An item in my
morning Twitter feed caught my attention today: a book offered through Writer’s
Digest that helps authors find their one “thing” that they are known for, that
sets them apart from the pack. Because I’m doing a huge media unit with my AP
class now I immediately realized that this book was really about creating a
brand.
The concept of
branding isn’t new, of course, but what is new is the fact that each and every
individual person (at least the ones with something to sell) now needs to
invent a brand. Last week I showed my class The
Greatest Movie Ever Sold, in which documentary filmmaker Morgan Spurlock
makes a movie about selling and marketing a movie. In the film, Spurlock visits
a fancy company that helps people identify their brand identities. They asked
him nine thousand questions, pseudo-scientifically compiled and analyzed the
data, and came up the idea that Spurlock’s brand was a Mindful/Playful brand.

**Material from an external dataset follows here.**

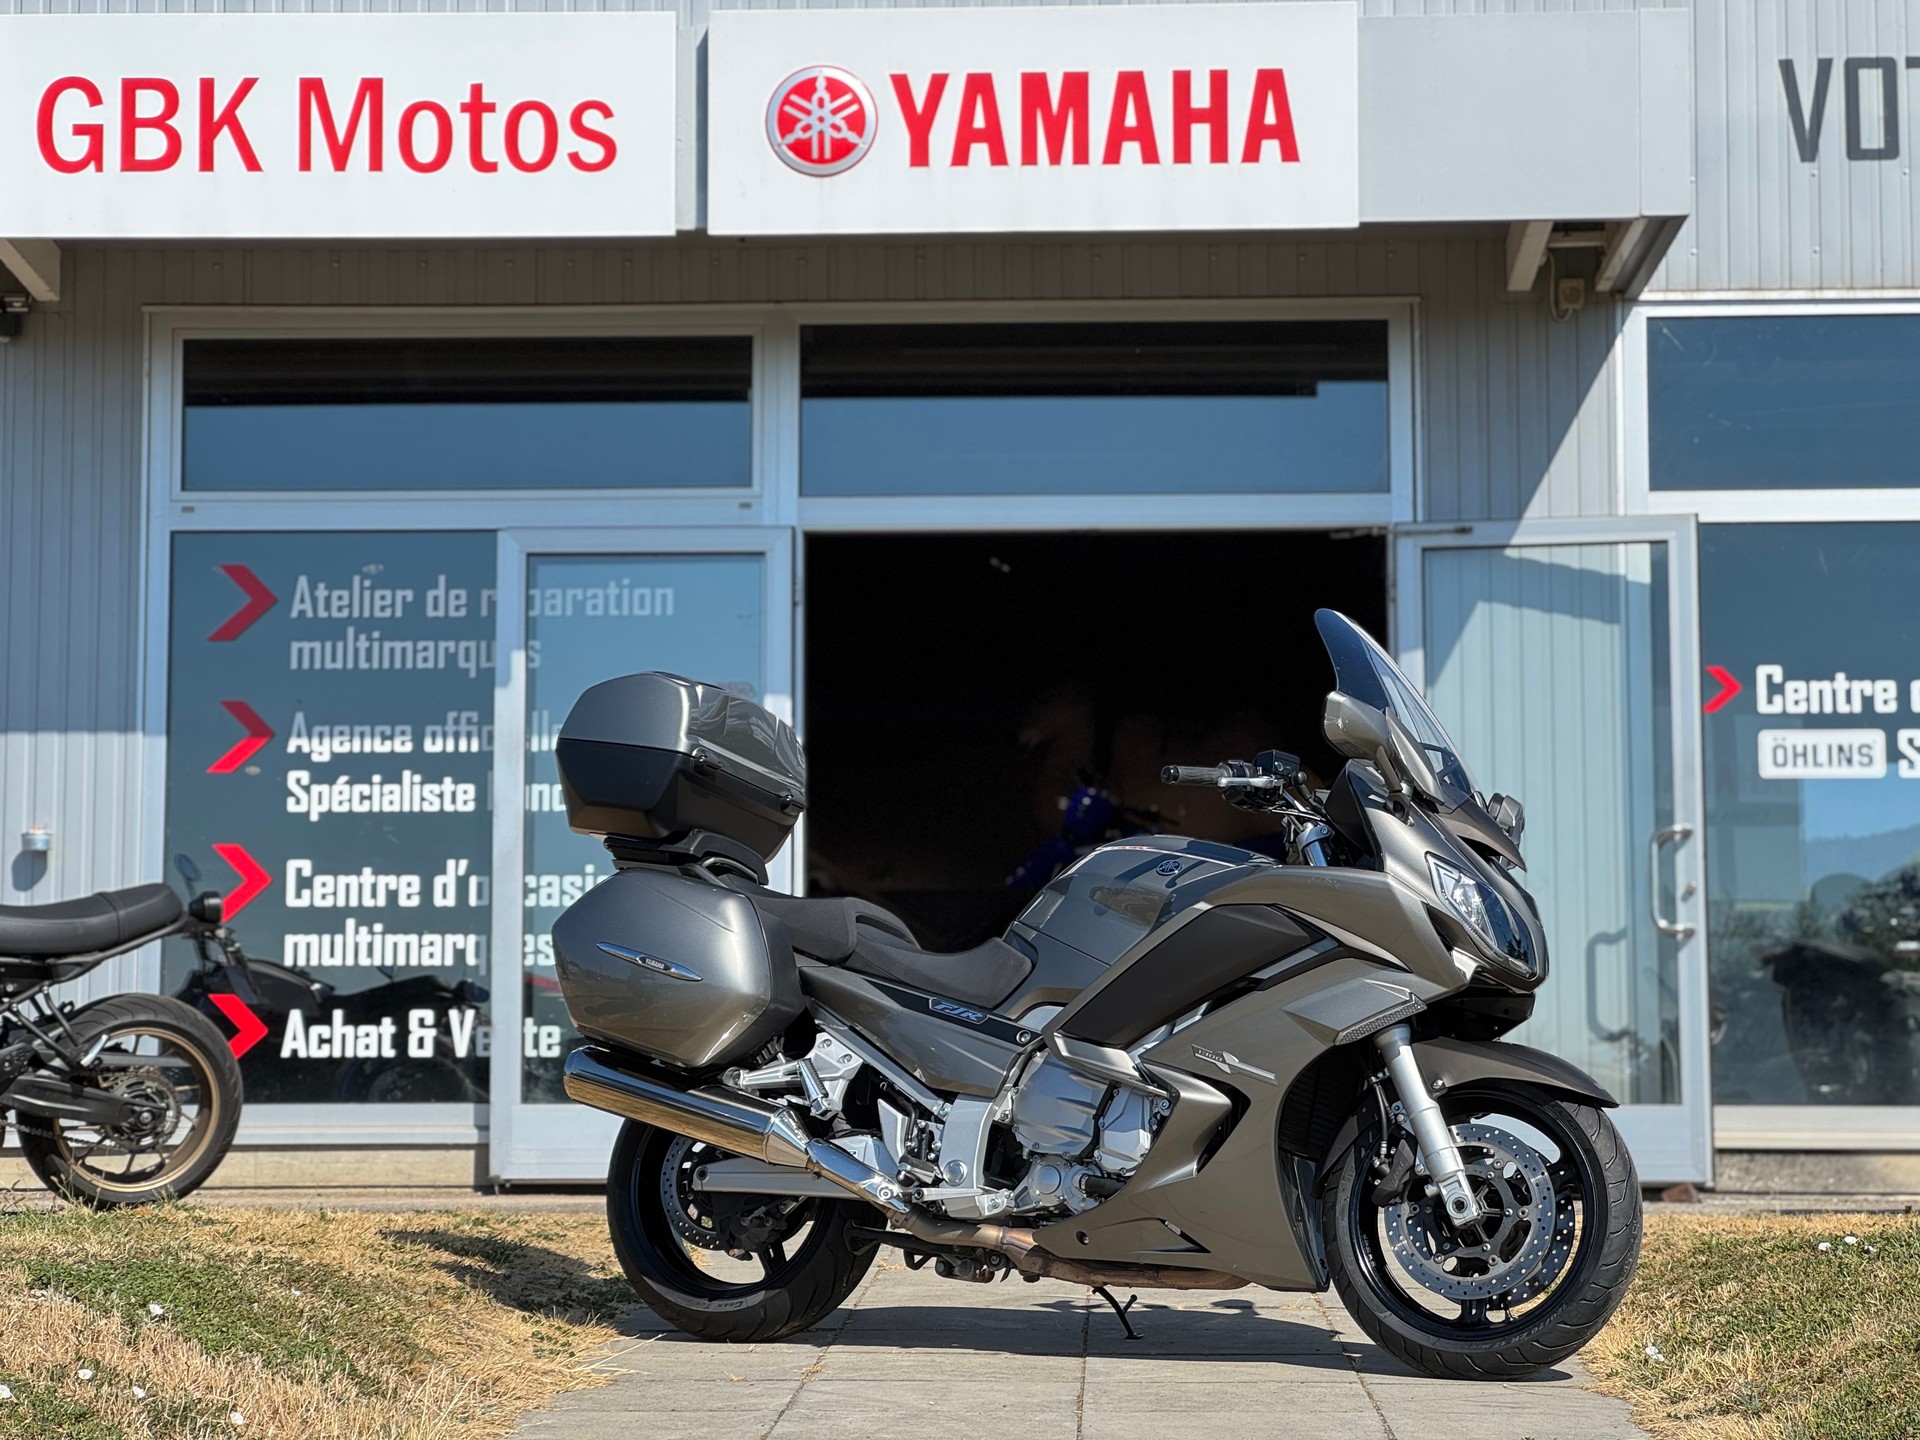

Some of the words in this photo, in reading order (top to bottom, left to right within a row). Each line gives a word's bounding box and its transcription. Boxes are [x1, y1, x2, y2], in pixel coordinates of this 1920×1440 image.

Some brands, the expert guy said, are just one thing, but a lot of brands are
combo-brands, which certainly sounds better to me—double fan base?! Although
when I think about it, I feel like having watched all of his movies, I could
have come up with two adjectives to describe the guy’s work, and I would only
have charged like twenty bucks. I shudder to think how much the “official”
analysis cost.
So I say to
myself, self, what’s our brand?
(apparently I turn into Gollum when the topic of brands comes up). I’d
certainly like to be a combo brand, so what are my two defining traits? Wait,
that’s not going to work. No one’s going to sign up be part of a brand
experience of:
Hungry/Sarcastic
Or, on a bad
day:
Grumpy/Tired
(This is
starting to sound like the list of Dwarves Rejected by Disney).
This mystical
branding process seemed to work in the movie: the company identified several
other Mindful/Playful brands, like Mini Cooper, and when Spurlock went after
these companies, several of them actually signed on as sponsors of his movie. Maybe
I really do need to figure out how to blurb my brand. (If I had any hope of
being given a promotional Mini Cooper, I assure you, I’d be highly motivated to crack the brand code
of me).
For most of my
day, the brand identity I’m striving for is “favorite teacher”—while still not being
the one who always lets them turn in late work or have class outside. As a
writer, I think I’m still figuring it out. If I were to go for a combo brand,
like Morgan got, I might say: Funny/Tragic. But, in addition to being a great
example of oxymoron I can use in class, it’s also really just life.
I think I’ll
stick to pretending it’s still 1995 and making playlists for every occasion,
and if anyone needs a Halloween or Summer or Please Let the Holidays Be Over Already song list, I’m your gal.